My guiding philosophy
Portals
Portals represent those mysterious moments when we cross into the unknown. They appear in fantasy novels, children’s stories, and art, but they also manifest in therapy, in the form of dream images, emotional breakthroughs, or significant life transitions.
These are threshold moments, invitations to transformation.
Portals offer a flexible, intuitive way to work with moments of change, unconscious material, and transformation. They help clients frame their experiences not as problems to fix, but as invitations to grow and see the world through a new lens.
The portal becomes a powerful symbol, not of escape, but of integration. Of crossing into a deeper knowing, and then returning with a new way of being.
Systems
Systems remind us that no one exists in isolation.

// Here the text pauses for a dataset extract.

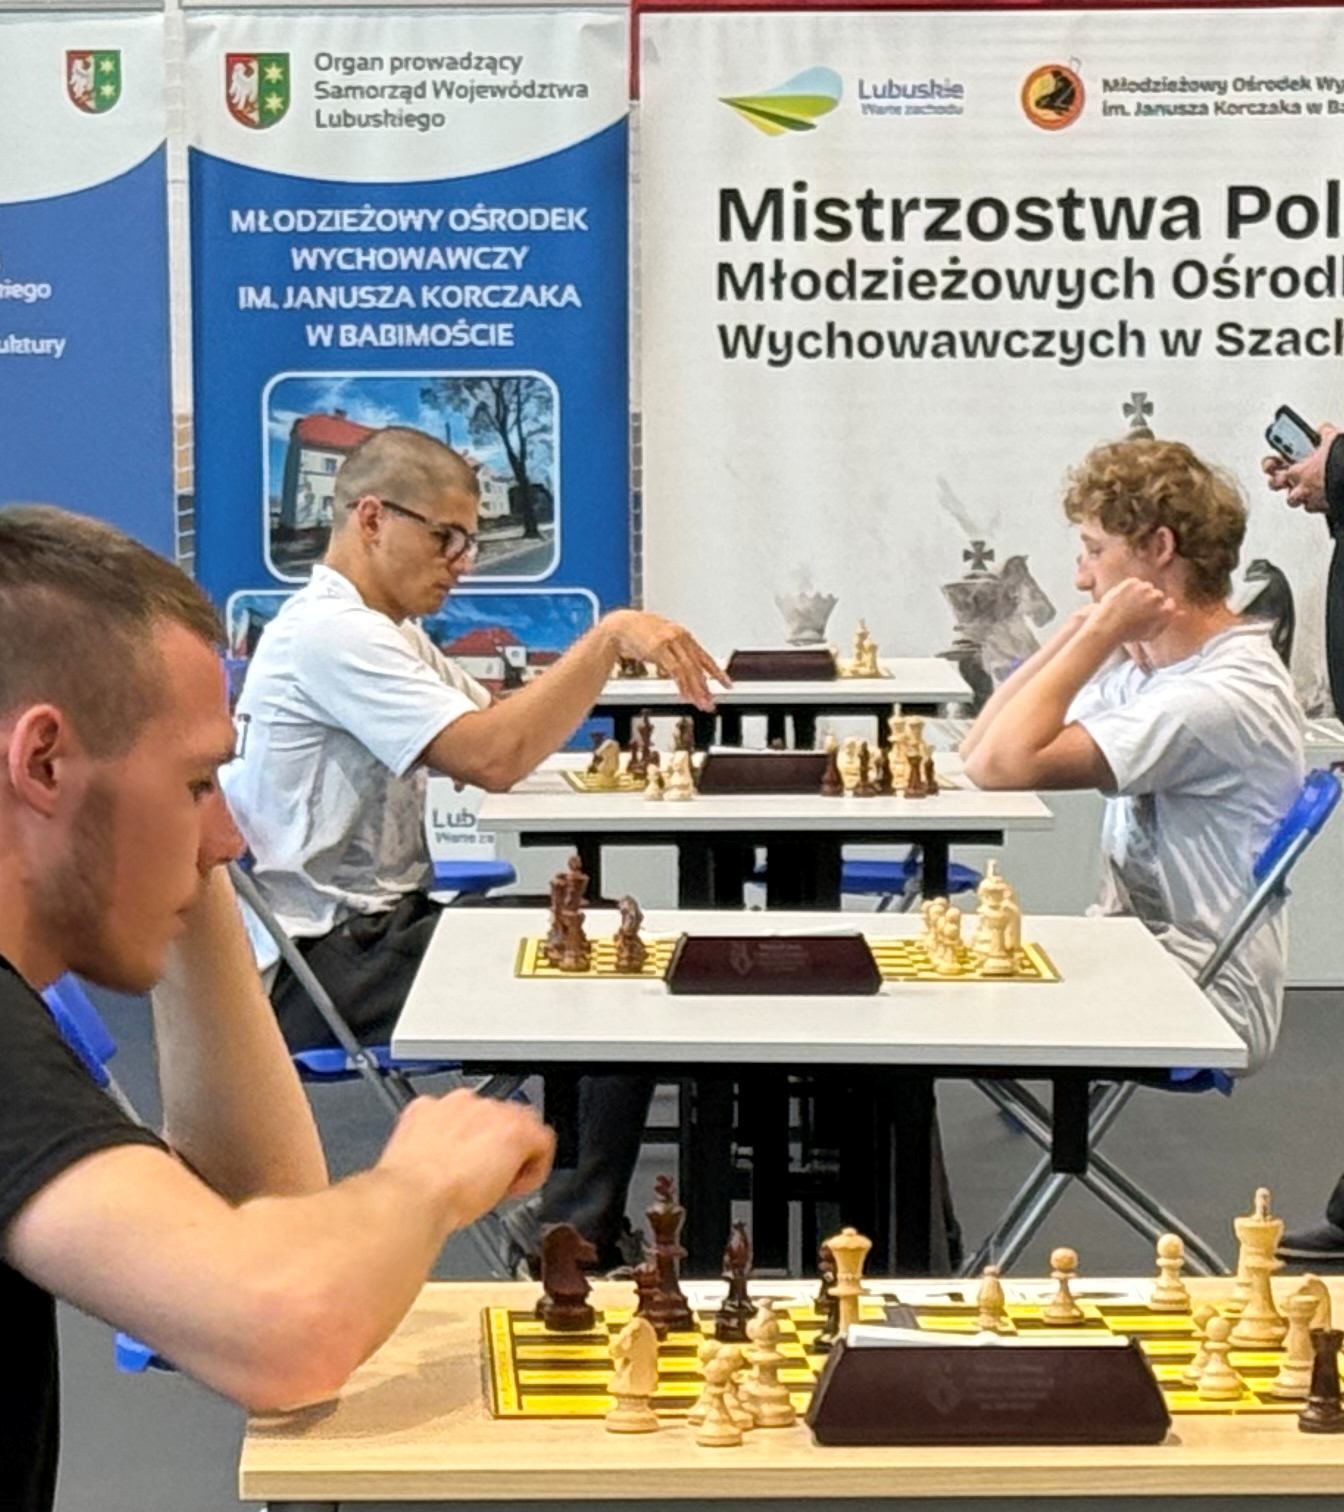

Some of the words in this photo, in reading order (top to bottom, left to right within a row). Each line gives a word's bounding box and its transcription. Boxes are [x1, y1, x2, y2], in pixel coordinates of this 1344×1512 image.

We are shaped by the relationships, environments, and histories we move through, families, cultures, and inner narratives that all interweave to form the context of our lives.
In therapy, systems thinking invites us to look beyond individual symptoms and consider the larger patterns at play. It asks: What roles are we cast into? What has shaped who we are? And how might even a small shift ripple outward?
Working with systems helps clients understand their struggles not as personal failures, but as intelligent responses to the systems they live within. It offers a compassionate, relational lens, one that sees healing not as a solo act, but as something that echoes across connection.
Embodiment
Embodiment recognizes that the body and mind are deeply interconnected, not separate parts, but a living, dynamic whole. When something shifts inside us, whether a sensation, emotion, or belief, it shapes how we perceive and respond to the world around us.
At the same time, the environments we move through, the relationships we engage in, and the cultural messages we absorb influence our internal experience, often expressing themselves through the body.
This ongoing, two-way interaction means healing and change are never isolated to just thoughts, feelings, or external circumstances alone. Instead, they ripple through all parts of our experience, influencing one another in complex ways.
For example, feeling a tightness in the chest might point to an emotional response to stress, and by learning to regulate that bodily sensation, we can transform how we engage with the world.
In therapy, embodiment invites clients to reconnect with their felt sense, increase somatic awareness, and explore how their bodies carry both personal stories and cultural histories. This process opens the possibility of moving through life with greater presence, agency, and authentic connection.